■ Text-to-region grounding data

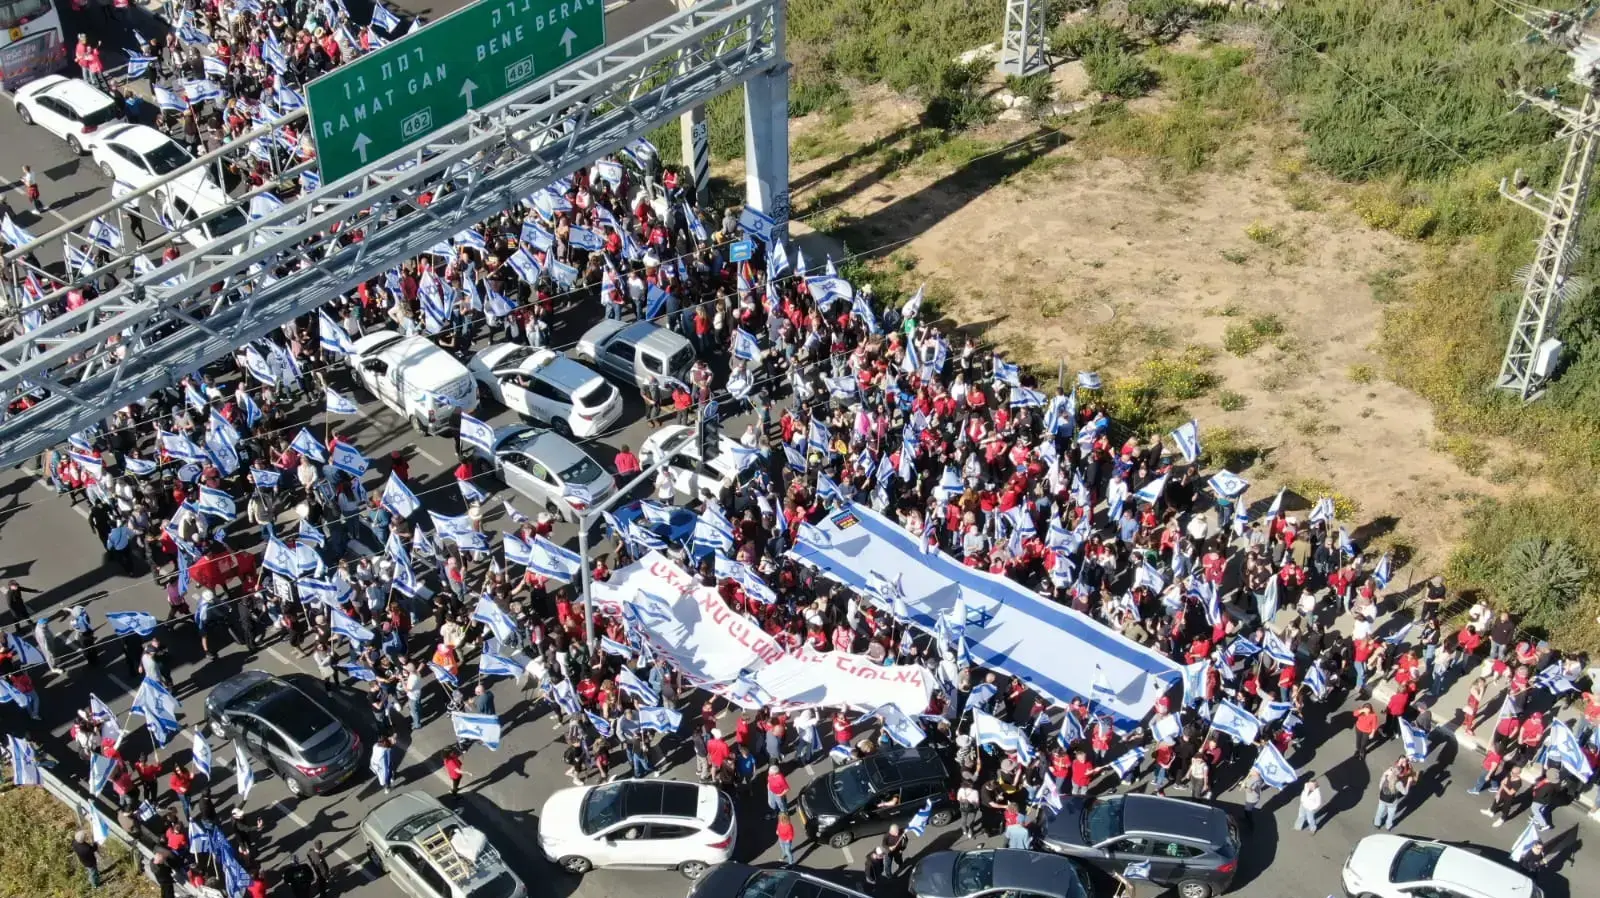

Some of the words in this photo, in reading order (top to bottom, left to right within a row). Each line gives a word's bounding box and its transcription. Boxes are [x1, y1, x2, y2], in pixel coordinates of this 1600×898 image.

[476, 25, 524, 62] BENE
[381, 47, 424, 81] רמת
[508, 61, 531, 82] 482
[322, 89, 394, 138] RAMAT
[408, 63, 447, 95] GAN
[344, 76, 366, 100] גן
[405, 112, 430, 133] 482
[700, 592, 731, 625] את
[836, 655, 922, 688] בישראל
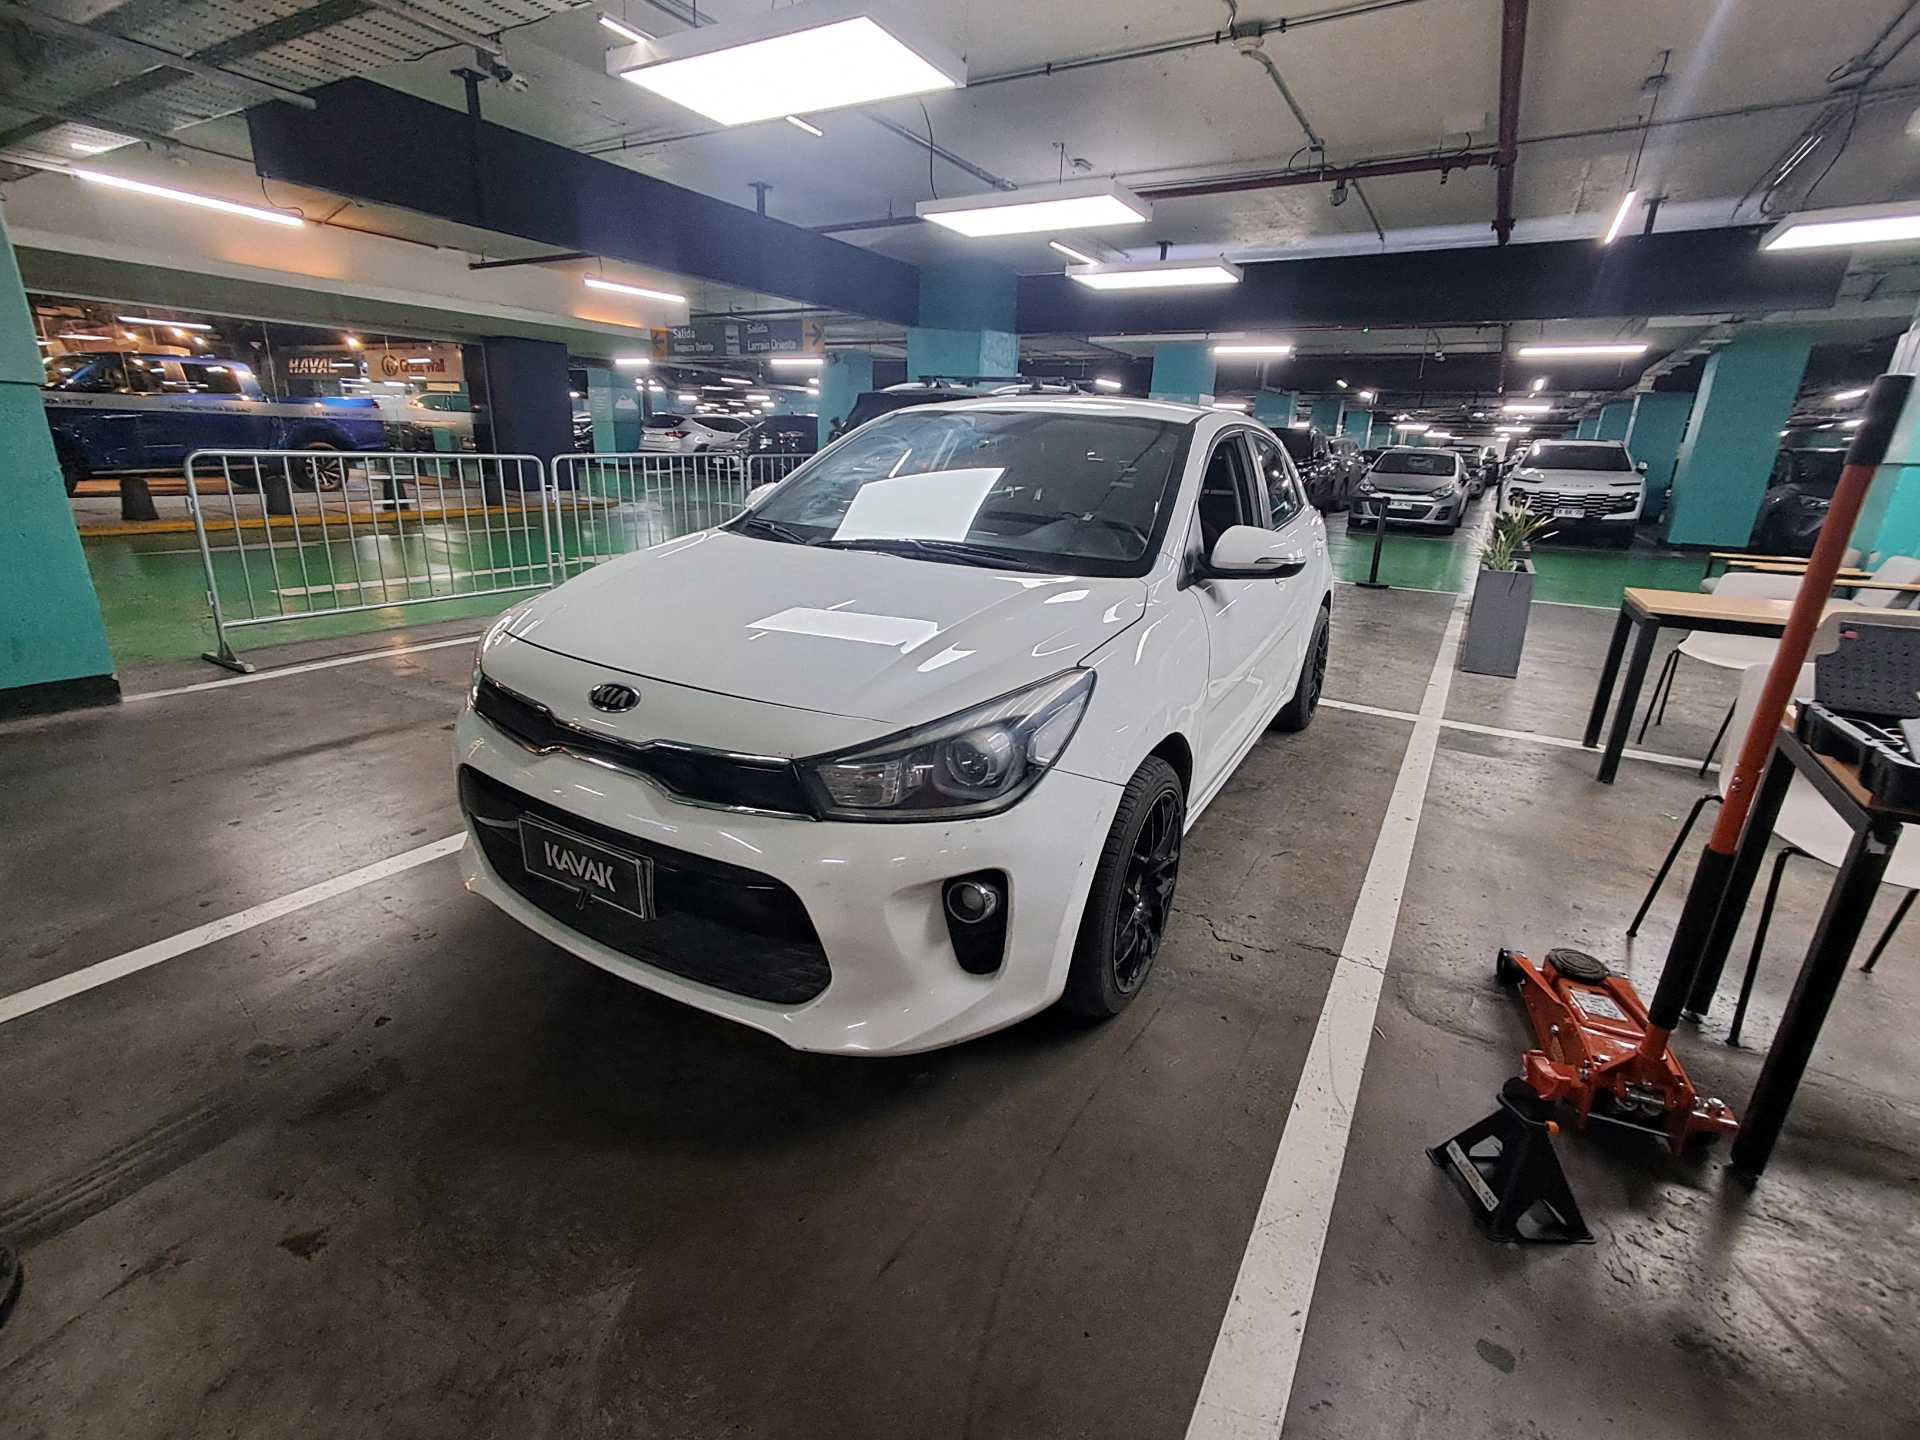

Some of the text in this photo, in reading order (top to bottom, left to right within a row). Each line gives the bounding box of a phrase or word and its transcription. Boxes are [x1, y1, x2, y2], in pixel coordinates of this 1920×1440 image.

[672, 328, 696, 338] Salida
[288, 358, 338, 374] HAVAL
[593, 686, 630, 708] KIA
[543, 840, 616, 893] KAVAK
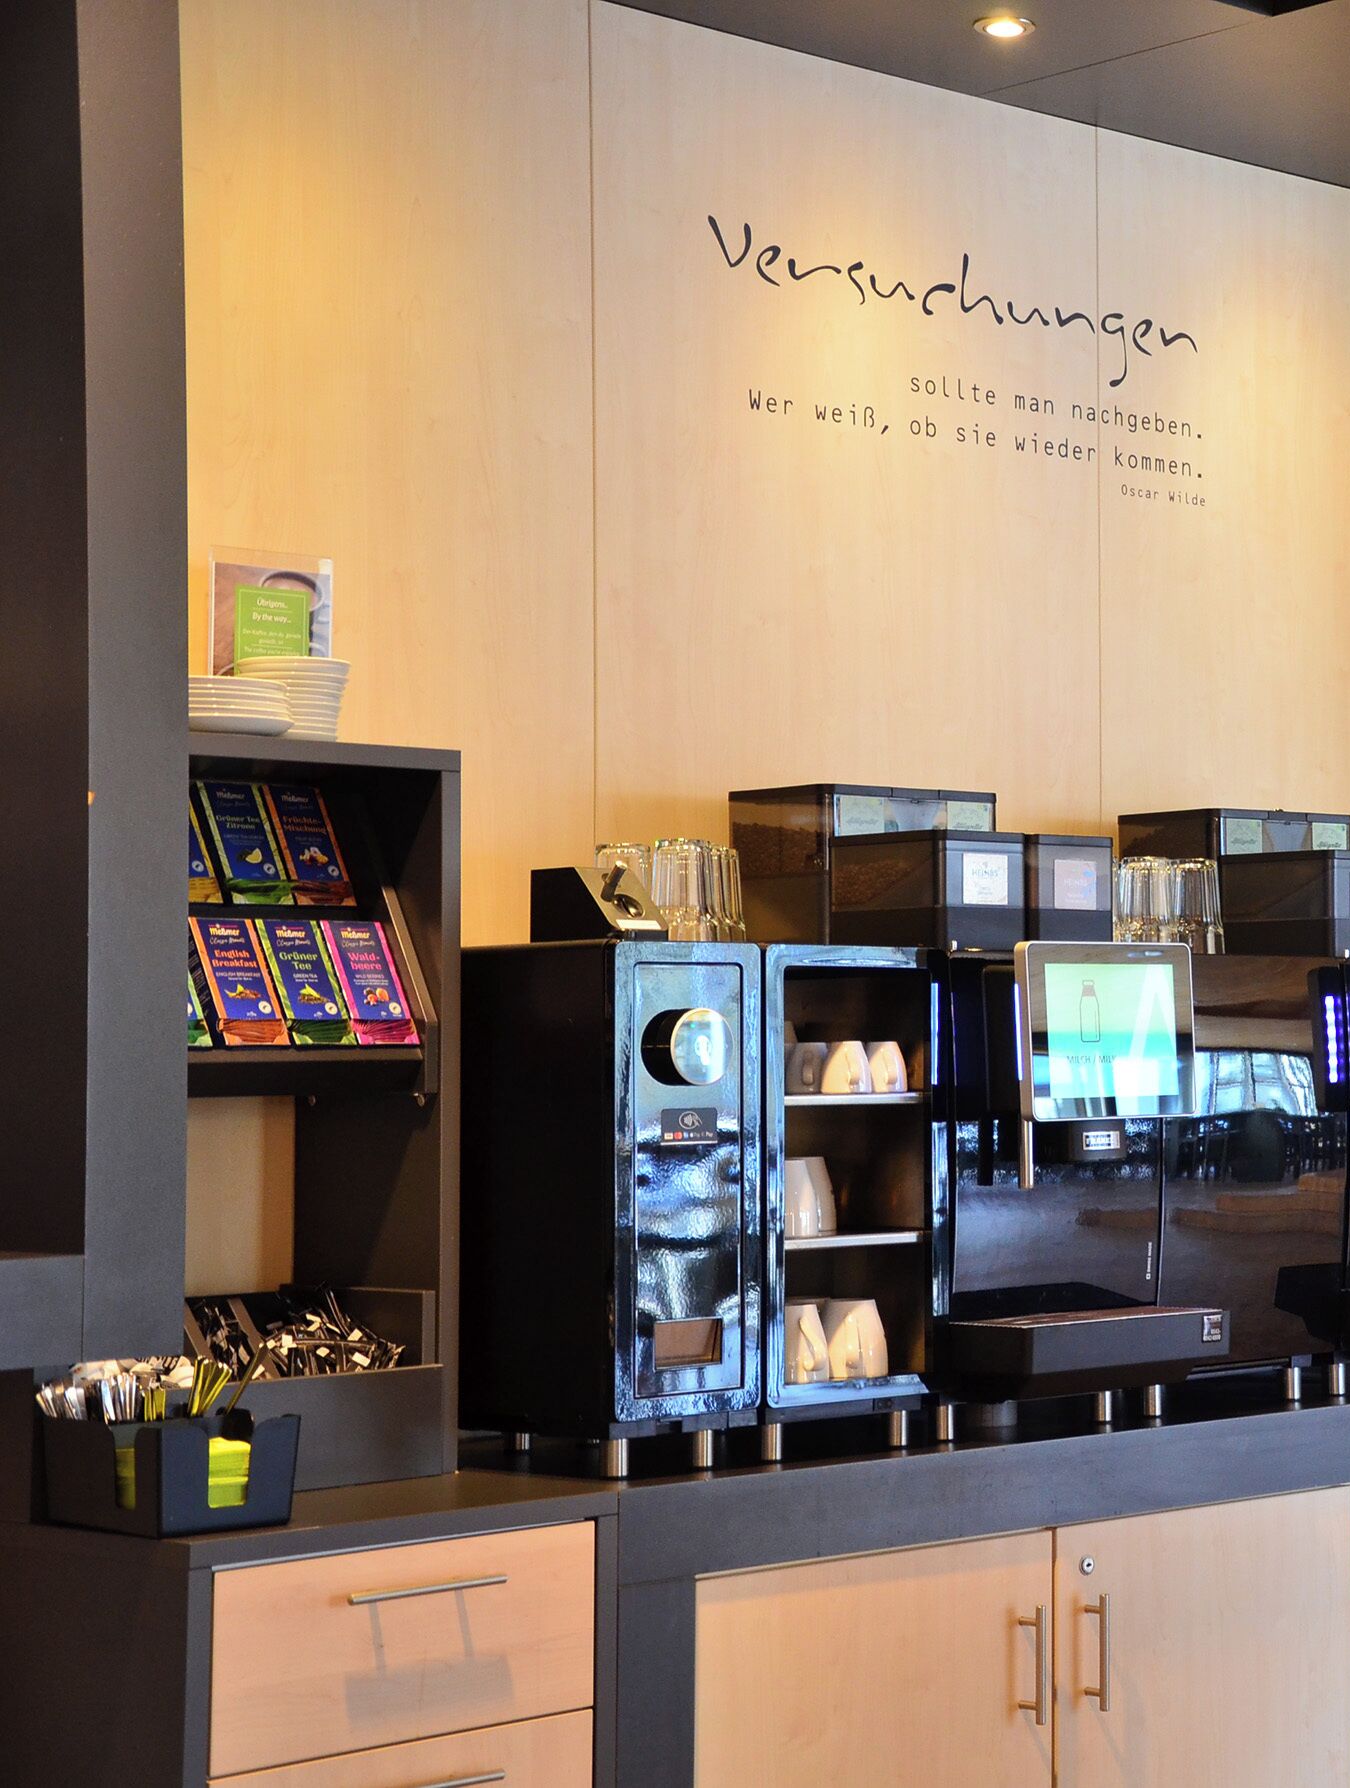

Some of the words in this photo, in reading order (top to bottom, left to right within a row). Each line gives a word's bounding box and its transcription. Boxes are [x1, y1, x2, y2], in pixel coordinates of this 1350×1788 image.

[708, 215, 1199, 387] Versuchungen
[911, 375, 997, 406] sollte
[1014, 394, 1055, 416] man
[1071, 404, 1202, 440] nachgeben.
[748, 388, 794, 416] Wer
[814, 403, 890, 436] weiß,
[909, 415, 938, 438] ob
[956, 422, 997, 448] sie
[1014, 432, 1097, 463] wieder
[1114, 445, 1203, 479] kommen.
[1120, 484, 1160, 501] Oscar
[1168, 490, 1207, 507] Wilde
[262, 612, 273, 622] the
[209, 926, 240, 937] Meßmer
[275, 929, 306, 938] Meßmer
[214, 949, 250, 959] English
[278, 951, 319, 961] Grüner
[347, 952, 381, 961] Wald-
[212, 959, 258, 968] Breakfast
[291, 960, 312, 970] Tee
[350, 961, 382, 970] beere
[1066, 1056, 1091, 1064] MILCH

■ WORK TASK
An exact copy of every entry, pictures left out, is what to write here.

■ SOLUTION
Some of the words in this photo, in reading order (top to bottom, left to right within a row). Each line gives a word's bounding box and its transcription. Boxes are [x1, y1, x2, y2], in pixel coordinates of this 1600×898 image.

[476, 25, 524, 62] BENE
[381, 47, 424, 81] רמת
[508, 61, 531, 82] 482
[322, 89, 394, 138] RAMAT
[408, 63, 447, 95] GAN
[344, 76, 366, 100] גן
[405, 112, 430, 133] 482
[700, 592, 731, 625] את
[836, 655, 922, 688] בישראל

Some of the text in this photo, in reading order (top to bottom, left to right within a row). Each line gives the bounding box of a phrase or word and its transcription. Boxes are [x1, y1, x2, y2], in pixel coordinates of this 1920×1440 image.

[672, 328, 696, 338] Salida
[288, 358, 338, 374] HAVAL
[593, 686, 630, 708] KIA
[543, 840, 616, 893] KAVAK

Some of the words in this photo, in reading order (top to bottom, left to right within a row). Each line gives a word's bounding box and its transcription. Boxes are [x1, y1, x2, y2], in pixel coordinates of this 1350×1788 image.

[708, 215, 1199, 387] Versuchungen
[911, 375, 997, 406] sollte
[1014, 394, 1055, 416] man
[1071, 404, 1202, 440] nachgeben.
[748, 388, 794, 416] Wer
[814, 403, 890, 436] weiß,
[909, 415, 938, 438] ob
[956, 422, 997, 448] sie
[1014, 432, 1097, 463] wieder
[1114, 445, 1203, 479] kommen.
[1120, 484, 1160, 501] Oscar
[1168, 490, 1207, 507] Wilde
[262, 612, 273, 622] the
[209, 926, 240, 937] Meßmer
[275, 929, 306, 938] Meßmer
[214, 949, 250, 959] English
[278, 951, 319, 961] Grüner
[347, 952, 381, 961] Wald-
[212, 959, 258, 968] Breakfast
[291, 960, 312, 970] Tee
[350, 961, 382, 970] beere
[1066, 1056, 1091, 1064] MILCH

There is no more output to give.